## EXERCISE INSTRUCTIONS
Each entry is to be given again word for word; images are dropped.
• • • • • • •
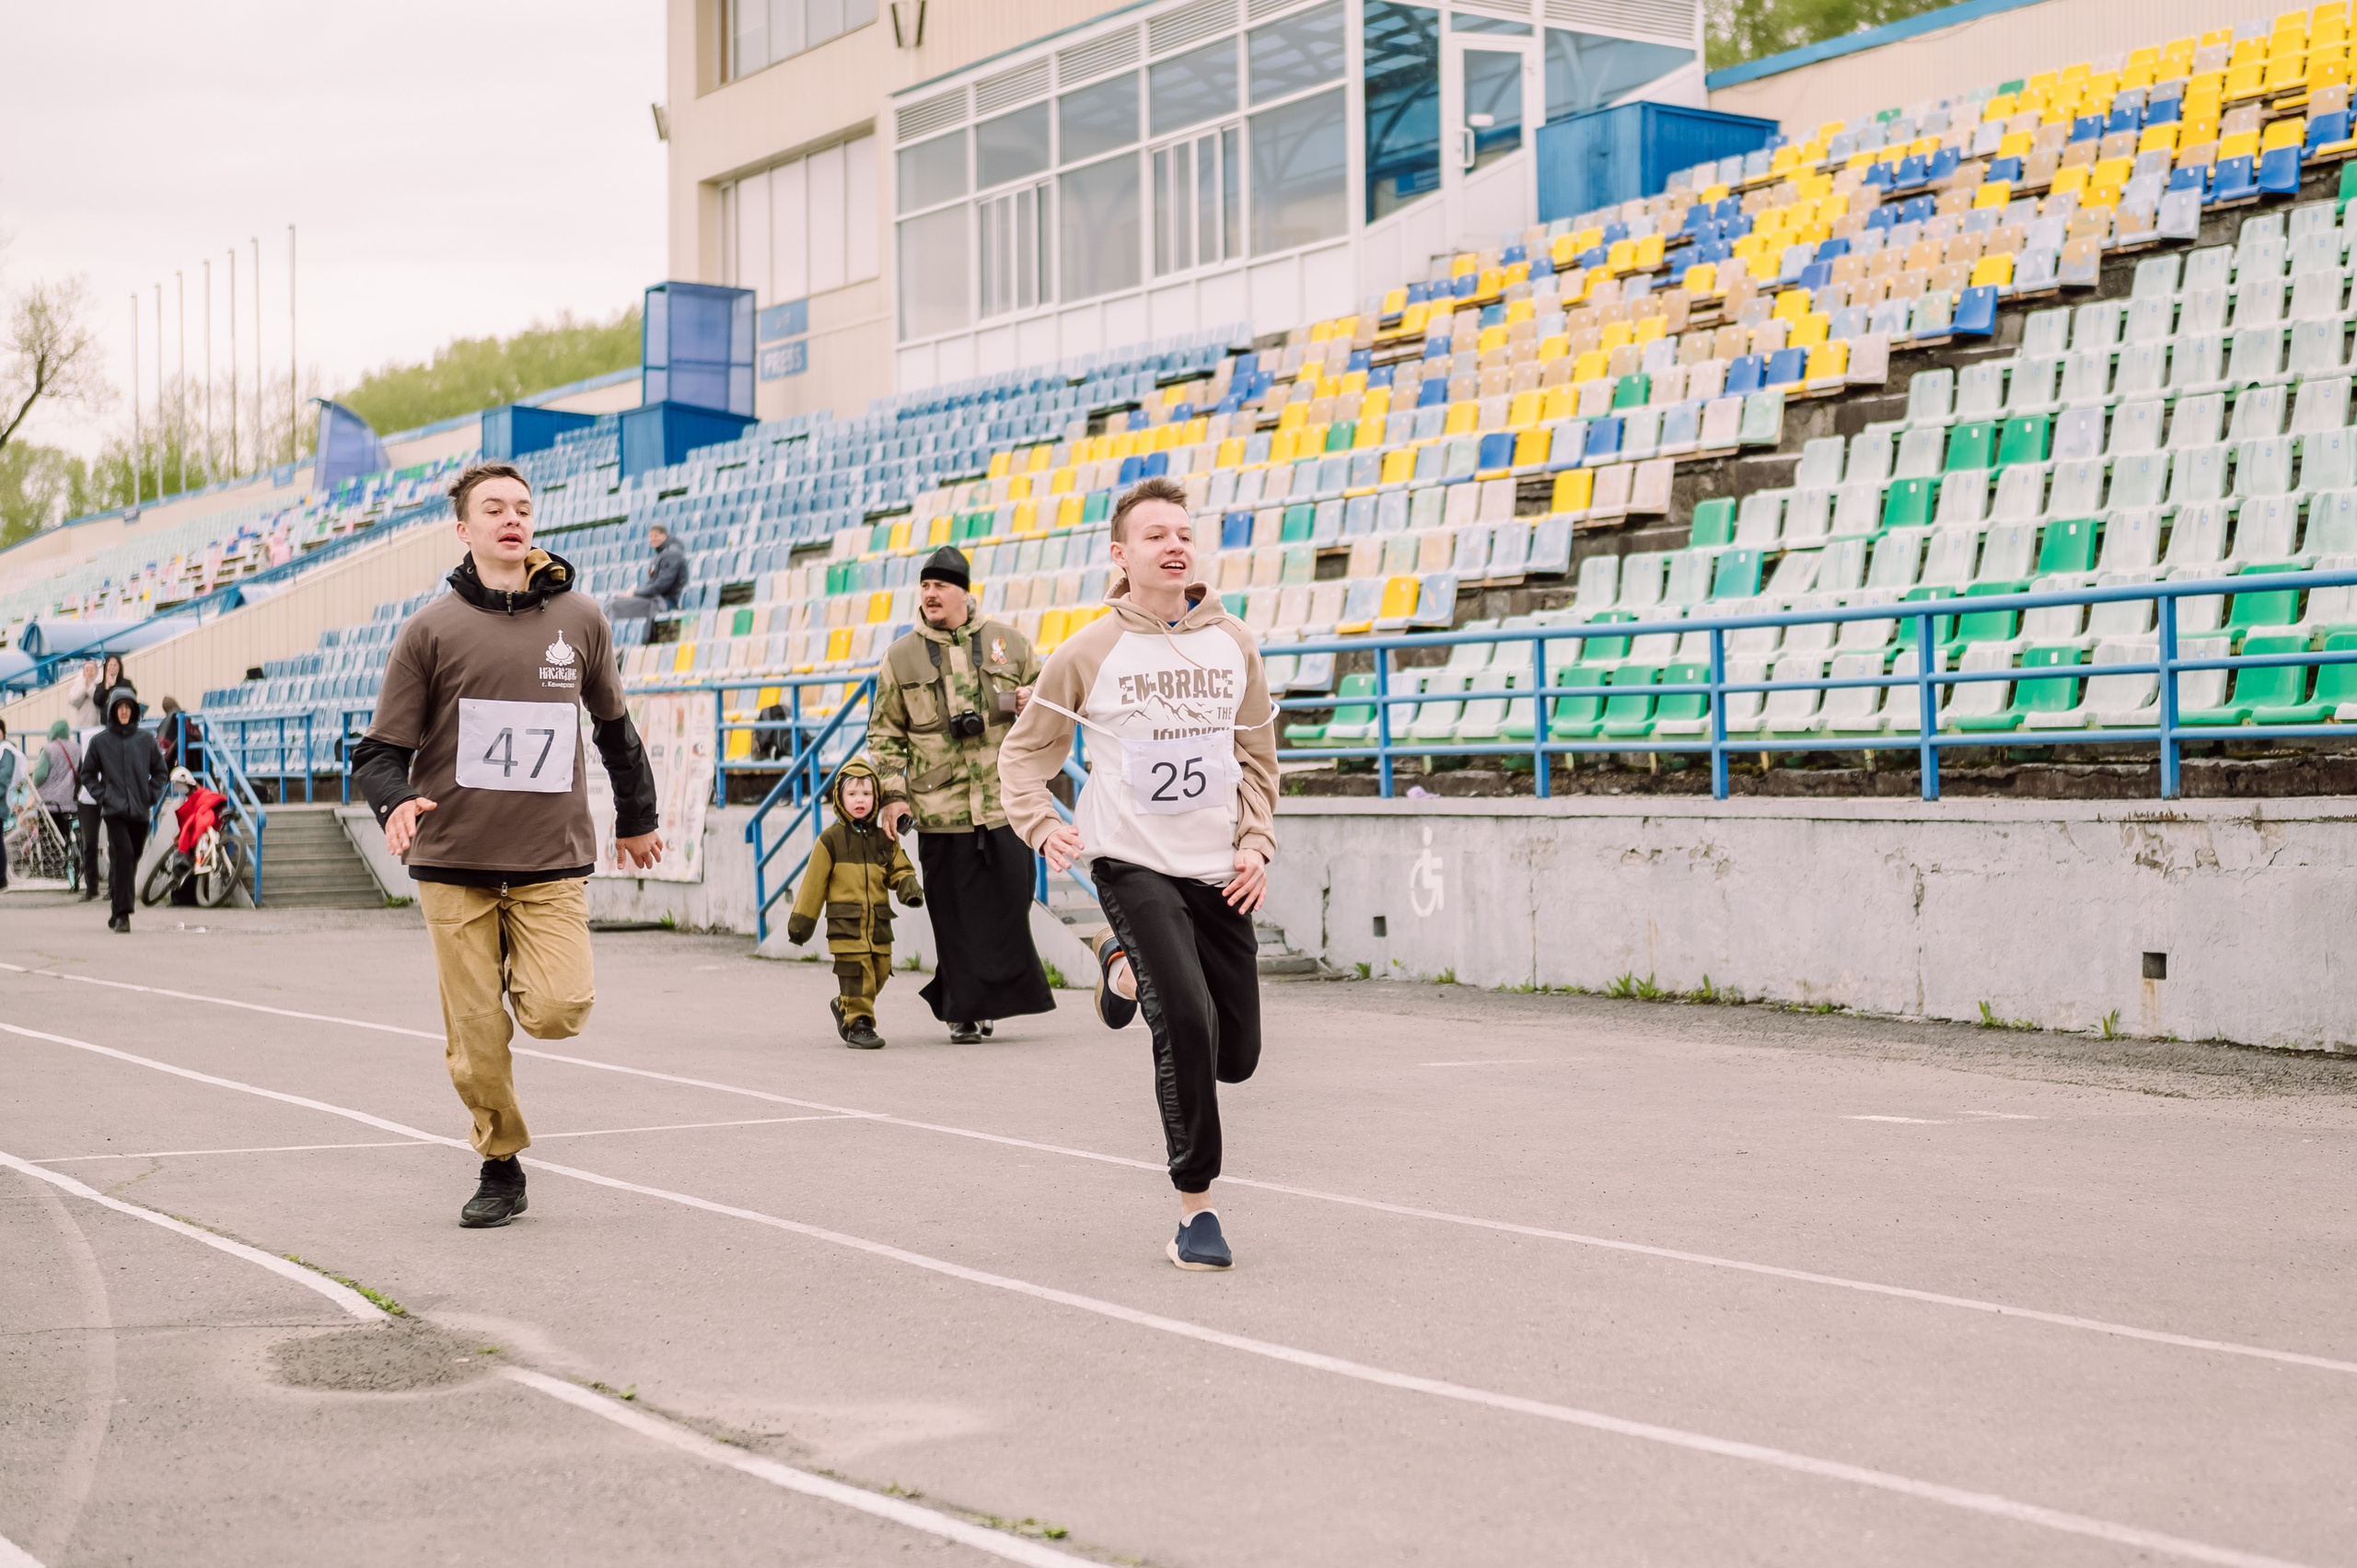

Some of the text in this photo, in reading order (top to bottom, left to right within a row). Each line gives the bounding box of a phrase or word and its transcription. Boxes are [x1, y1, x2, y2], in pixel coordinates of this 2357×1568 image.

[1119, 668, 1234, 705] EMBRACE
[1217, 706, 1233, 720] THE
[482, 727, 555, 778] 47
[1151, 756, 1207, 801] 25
• • • • • • •
## SOLUTION FOR THIS PROBLEM
Some of the text in this photo, in reading order (top to bottom, left to right within a row). Each line gives the bounding box of a phrase or word and its transcription. Boxes are [x1, y1, x2, y2], in pixel coordinates of this 2357×1568 image.

[1119, 668, 1234, 705] EMBRACE
[1217, 706, 1233, 720] THE
[482, 727, 555, 778] 47
[1151, 756, 1207, 801] 25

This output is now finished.